Available records:
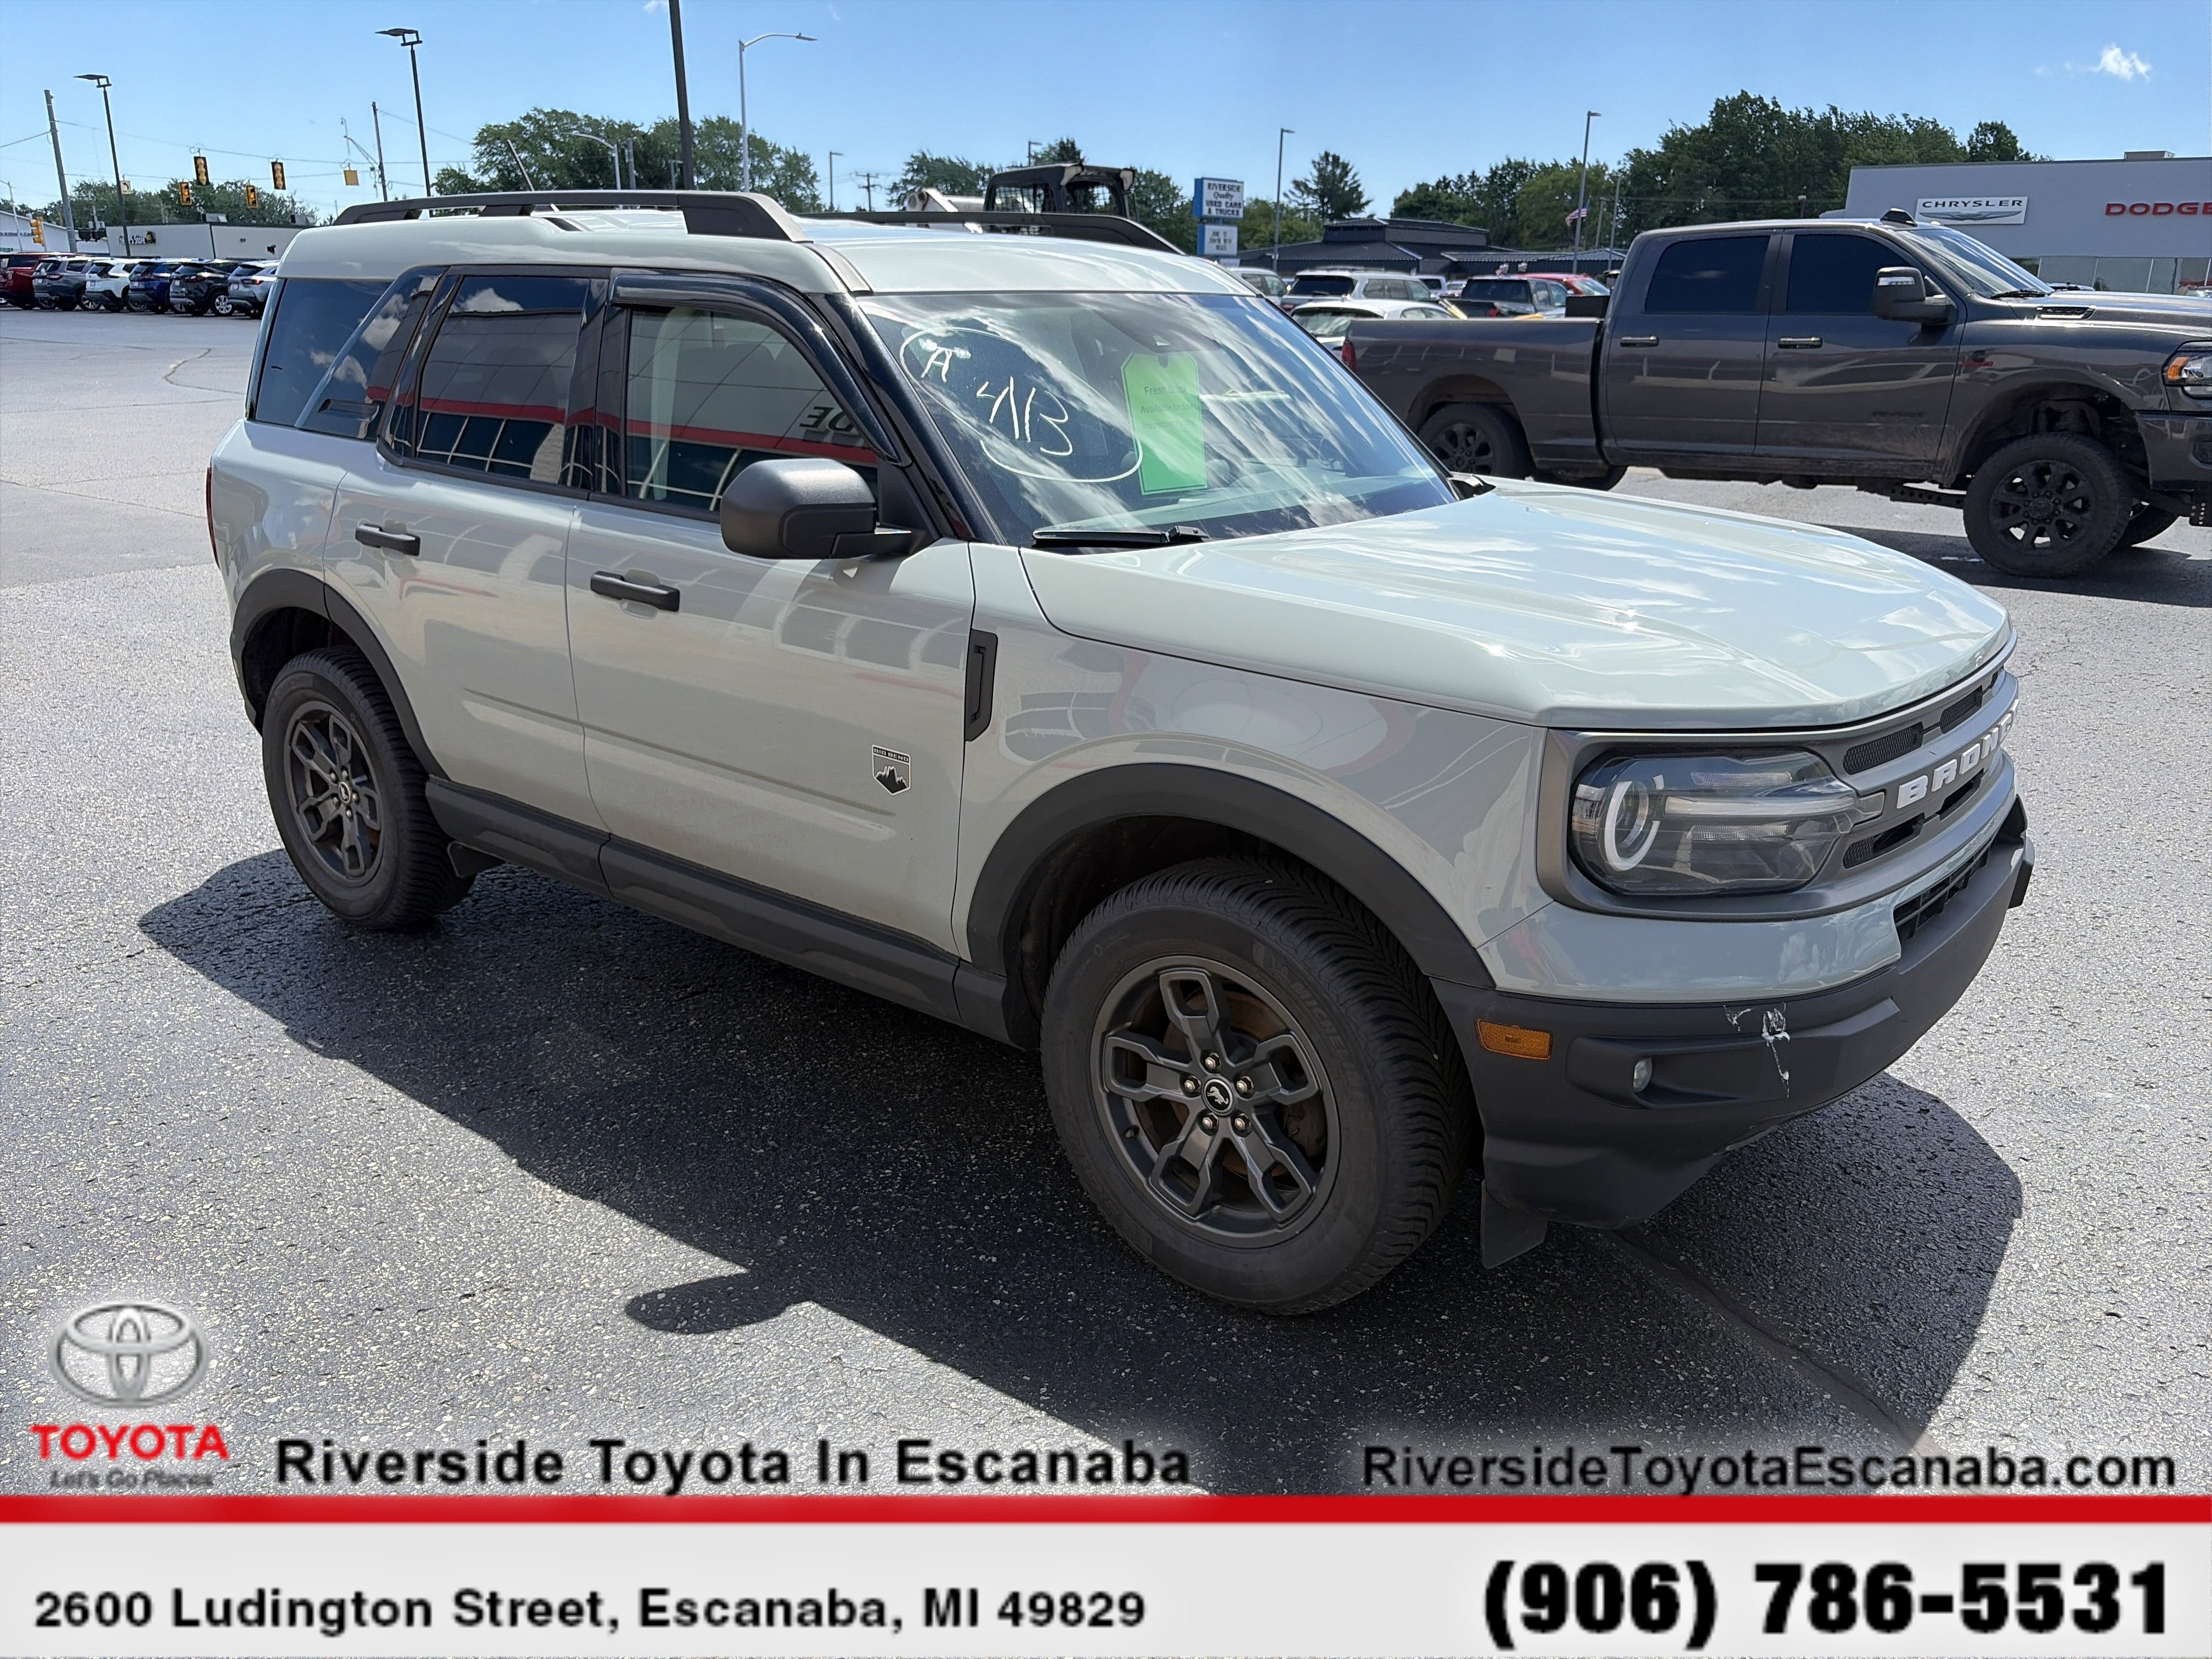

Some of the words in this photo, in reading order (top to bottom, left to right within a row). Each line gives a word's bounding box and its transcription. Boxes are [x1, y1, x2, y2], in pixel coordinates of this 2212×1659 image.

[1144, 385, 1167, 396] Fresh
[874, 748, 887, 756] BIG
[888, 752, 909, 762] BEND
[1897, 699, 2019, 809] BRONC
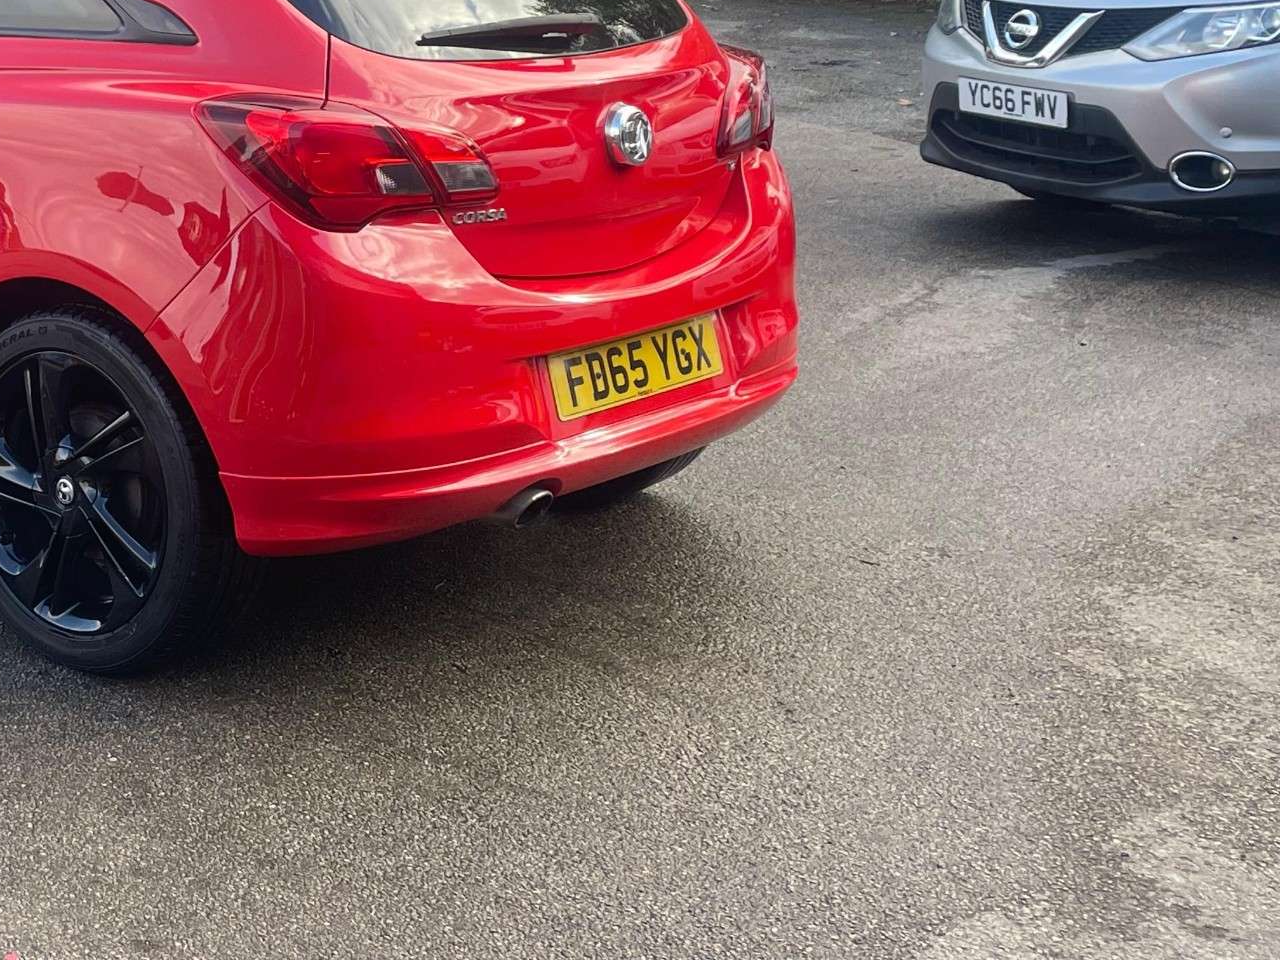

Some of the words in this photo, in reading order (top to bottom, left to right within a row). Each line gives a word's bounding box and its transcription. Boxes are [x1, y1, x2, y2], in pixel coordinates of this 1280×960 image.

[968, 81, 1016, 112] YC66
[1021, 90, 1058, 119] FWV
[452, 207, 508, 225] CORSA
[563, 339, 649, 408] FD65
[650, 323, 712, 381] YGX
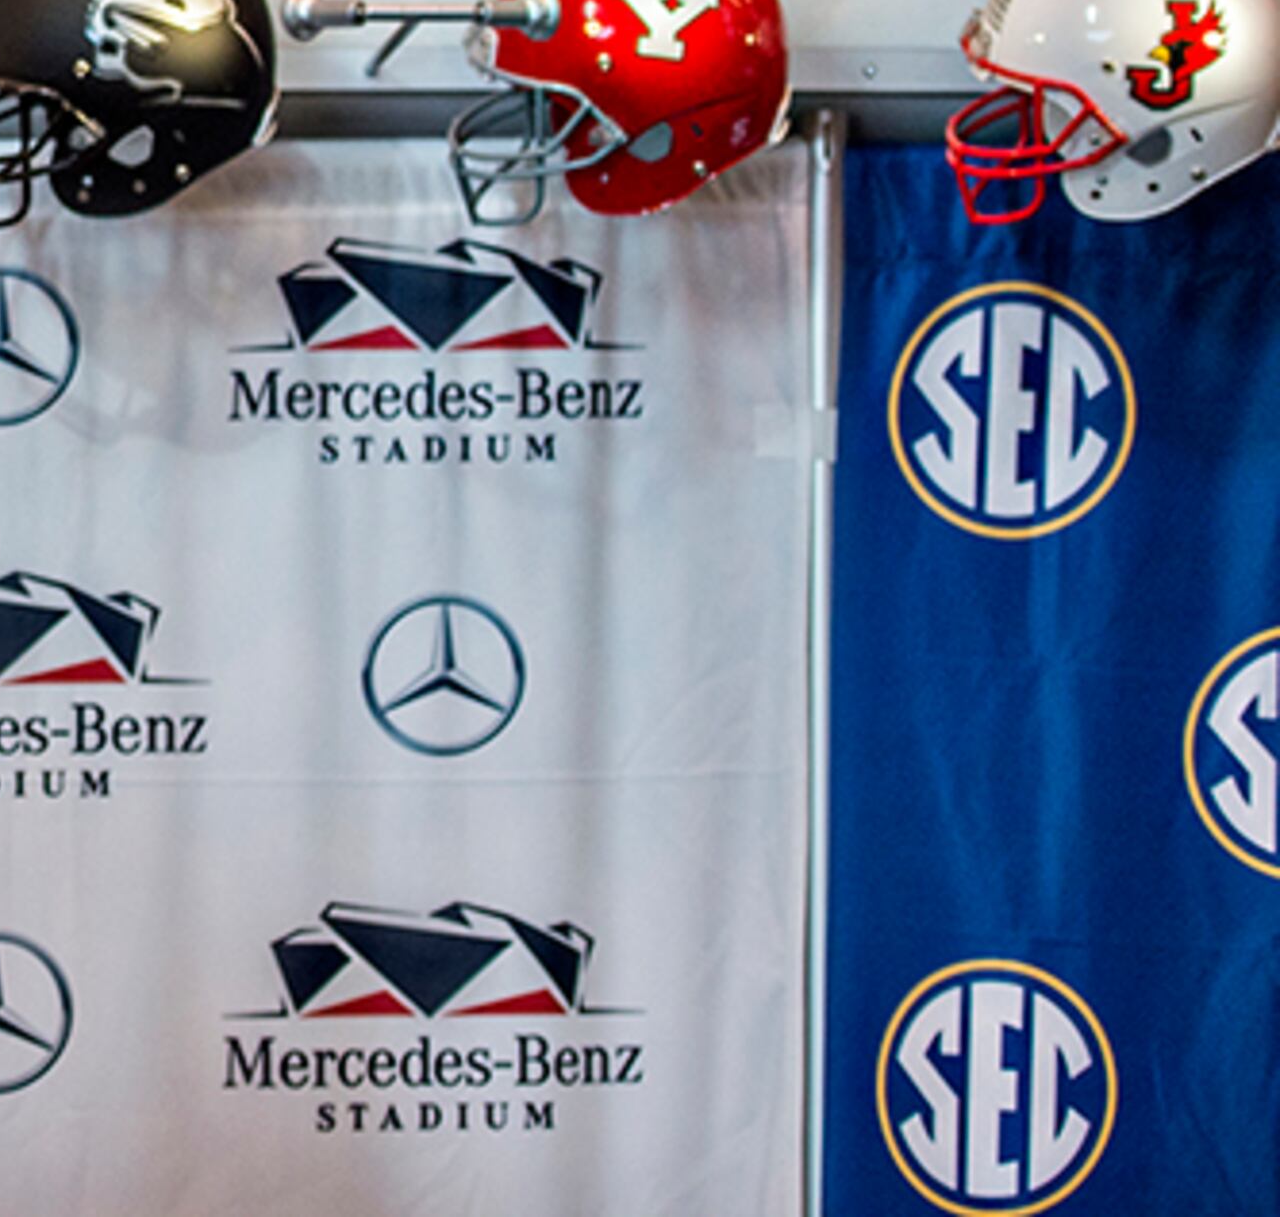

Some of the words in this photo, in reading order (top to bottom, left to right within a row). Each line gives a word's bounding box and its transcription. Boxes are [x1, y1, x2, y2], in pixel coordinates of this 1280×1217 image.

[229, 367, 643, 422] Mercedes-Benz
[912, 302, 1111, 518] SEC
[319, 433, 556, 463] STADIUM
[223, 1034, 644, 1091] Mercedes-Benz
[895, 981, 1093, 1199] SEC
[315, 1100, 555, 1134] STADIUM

Aim of the exercise: The answer must consist of the lines from the one with "this 1280×1217 image." through the final line of the entries above, exactly as they are, and nothing else.

Answer to this exercise:
Some of the words in this photo, in reading order (top to bottom, left to right within a row). Each line gives a word's bounding box and its transcription. Boxes are [x1, y1, x2, y2], in pixel coordinates of this 1280×1217 image.

[229, 367, 643, 422] Mercedes-Benz
[912, 302, 1111, 518] SEC
[319, 433, 556, 463] STADIUM
[223, 1034, 644, 1091] Mercedes-Benz
[895, 981, 1093, 1199] SEC
[315, 1100, 555, 1134] STADIUM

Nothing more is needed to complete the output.